Cuba’s Santeria priests have prophesied a spike in migration and global unrest for the coming year in their annual religious forecast.
Millions of Cubans are strongly influenced by the yearly prophecy of the leaders of the religion with roots in West African culture, brought to the Caribbean island by slaves.
This year, the babalawos, or official association of priests, envisioned that there would be an “explosion” in migration and "social unrest provoked by desperation," Reuters reports.
The annual forecast applies to the world as a whole and includes cautions to world leaders.
"The predictions of Ifa (divination system) warn world leaders that if no action is taken, we may lead our people to a massive migration provoked by different things, desperation among them," priest Lazaro Cuesta told a news conference in Havana.
While evading specific examples, Cuesta explained ambiguously, "When you are in your room and it's really hot, desperation makes you run out of the room. If we give you an air conditioner, you stay put."
"I can be living in a hot room and I don't leave running because it's my room," Cuesta said. "I'm living alongside everyone else in Cuba, and I'm not leaving.”
Professor Niurka Mola, 50, holding a doll symbolizing the goddess of the sea Yemaya in her home in Havana. August 7, 2015. The prophecies of the Afro-Cuban religion Santeria 2016 speak of an explosion of migration and social unrest. Source: Reuters.
The babalawos went on to predict that 2016 was a year for higher foreign investment and agreements between nations, without mentioning concrete details.

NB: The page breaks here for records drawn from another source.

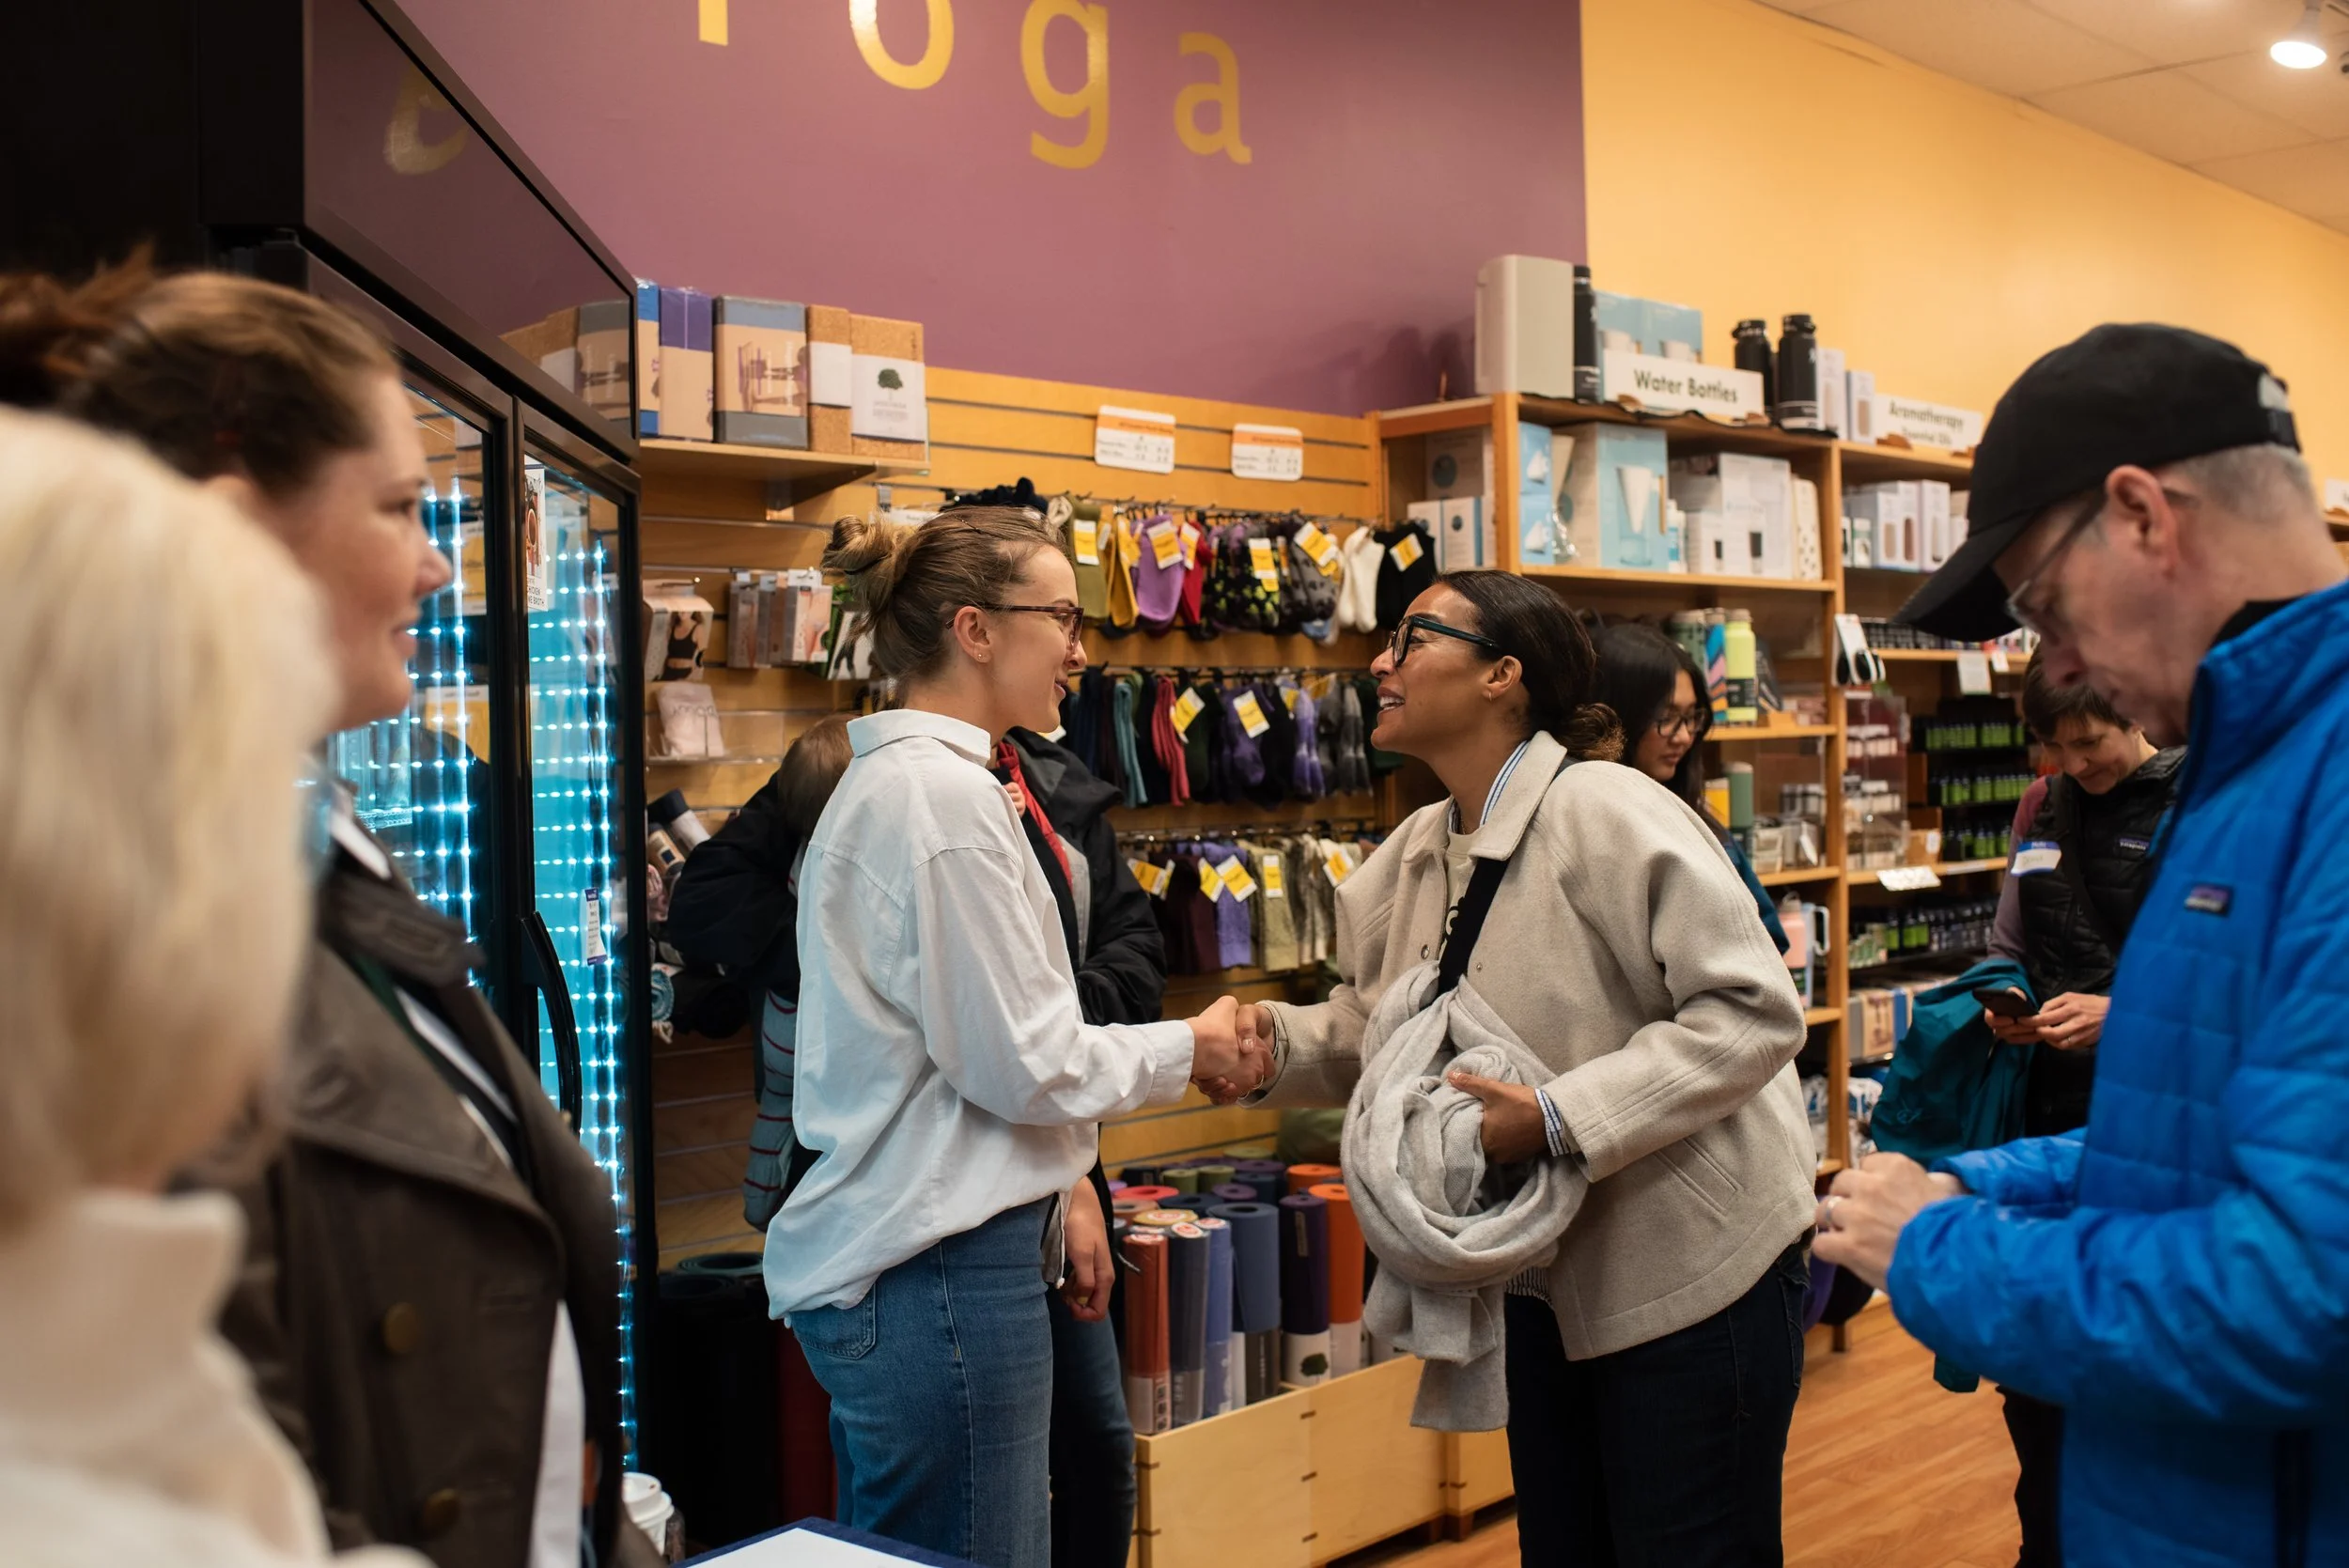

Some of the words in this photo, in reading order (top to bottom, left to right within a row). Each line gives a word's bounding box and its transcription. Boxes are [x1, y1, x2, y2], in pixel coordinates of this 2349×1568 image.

[698, 0, 1252, 169] oga
[1633, 369, 1683, 395] Water
[1688, 378, 1737, 404] Bottles
[1889, 398, 1964, 433] Aromatherapy
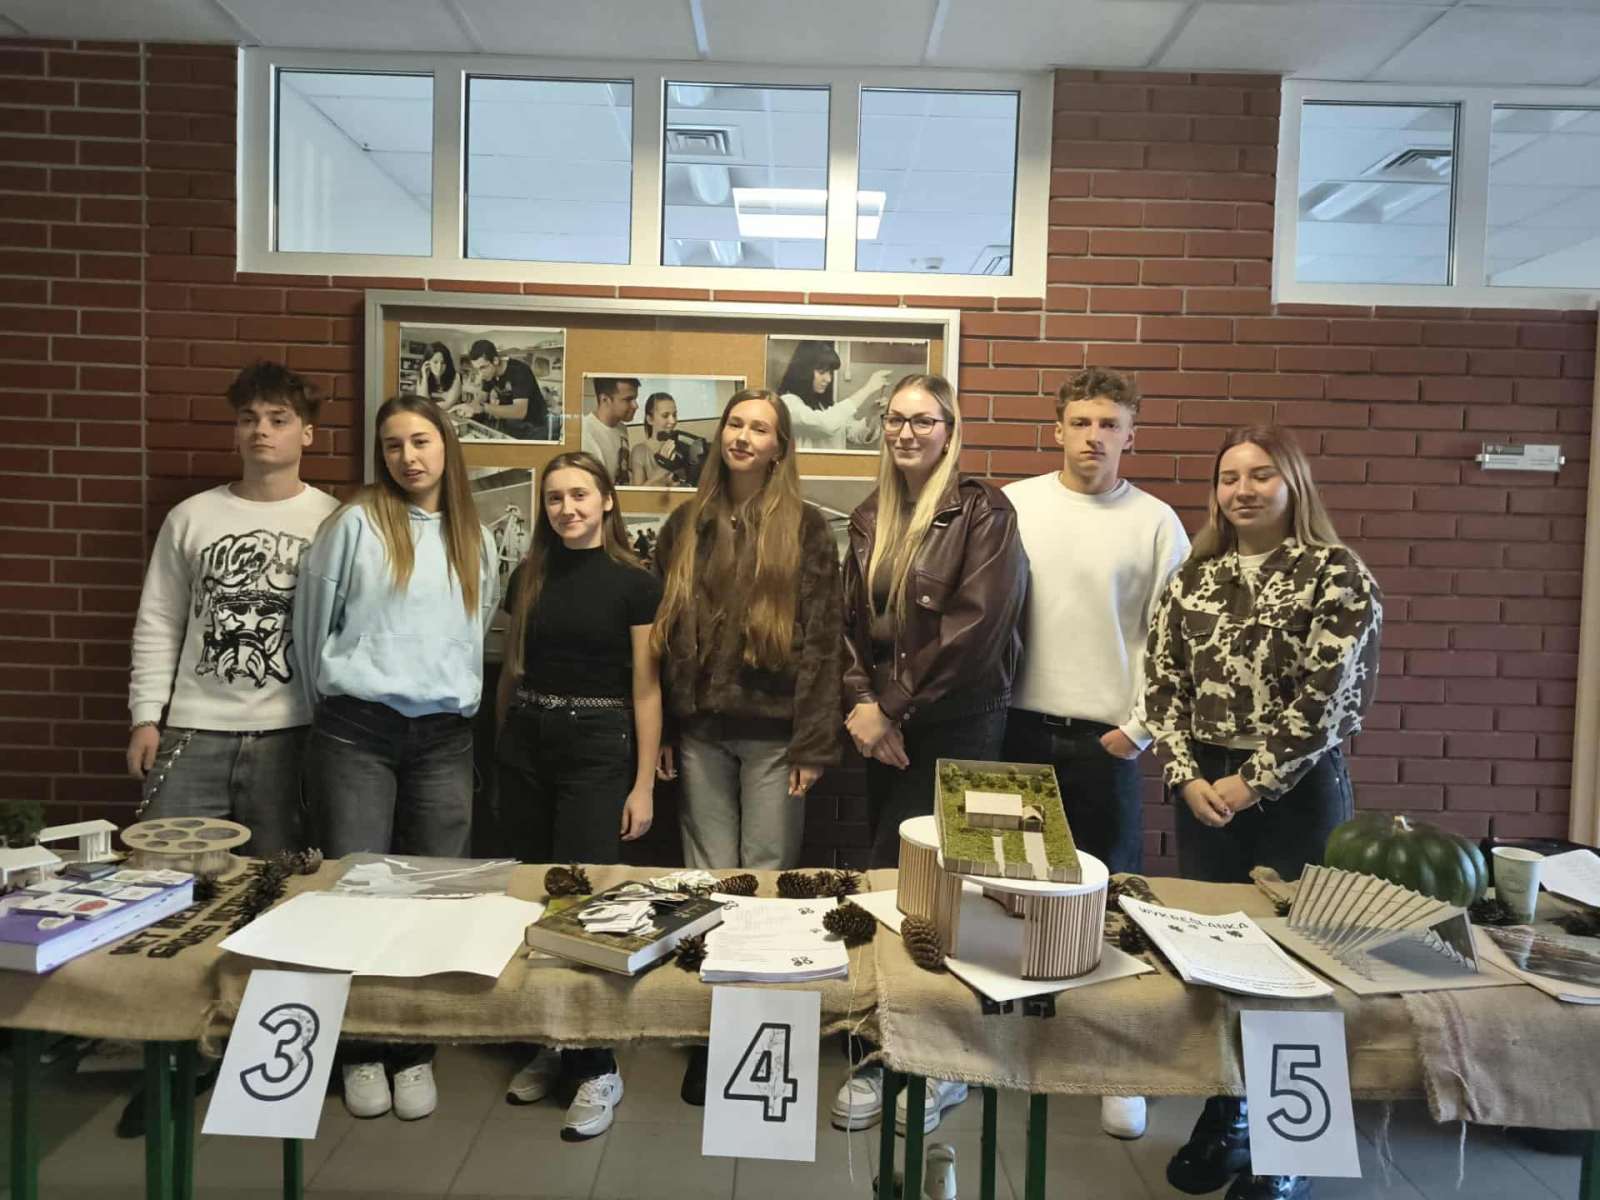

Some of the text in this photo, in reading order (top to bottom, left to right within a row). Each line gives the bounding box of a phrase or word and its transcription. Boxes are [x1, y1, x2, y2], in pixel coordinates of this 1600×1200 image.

[239, 1003, 320, 1102] 3
[723, 1022, 798, 1123] 4
[1267, 1043, 1331, 1142] 5
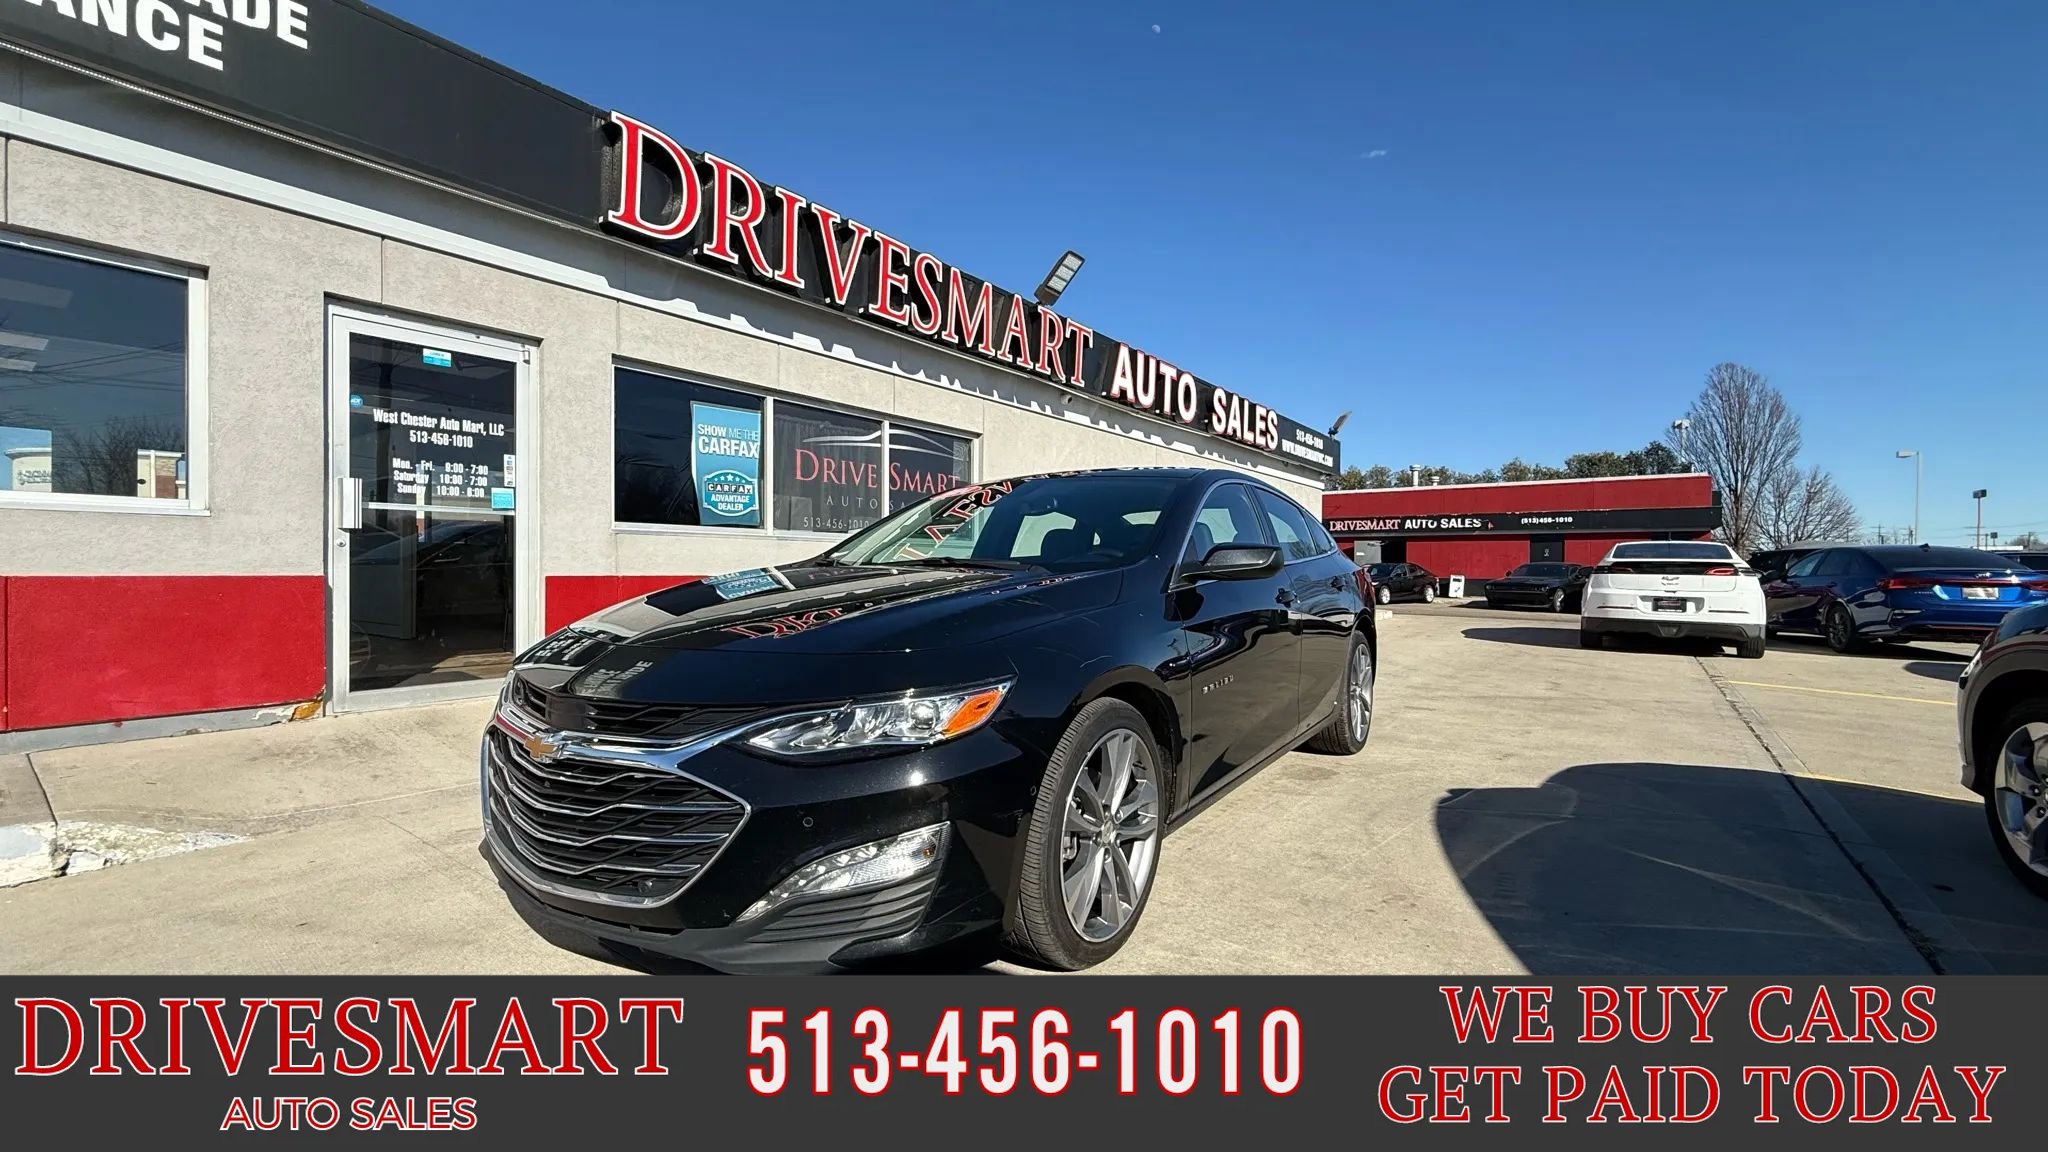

Santeria is influenced by the Roman Catholicism in its worship of certain saints, while also focusing on creating relationships between humans and great, but mortal, spirits, known as Orishas.
Religious practises of Santeria include rituals of drumming, singing and dancing, as well as animal sacrifice.
In last year’s prediction, the babalawos forecast stronger ties with the United States, prophesying a period "of hope for all the world," which would lead "our Cuban brothers" in the U.S. to "avoid being victims of the walls that separated us ... Those walls collapsed to create a bridge."
The priests also predicted epidemics, conflicts and environmental catastrophe.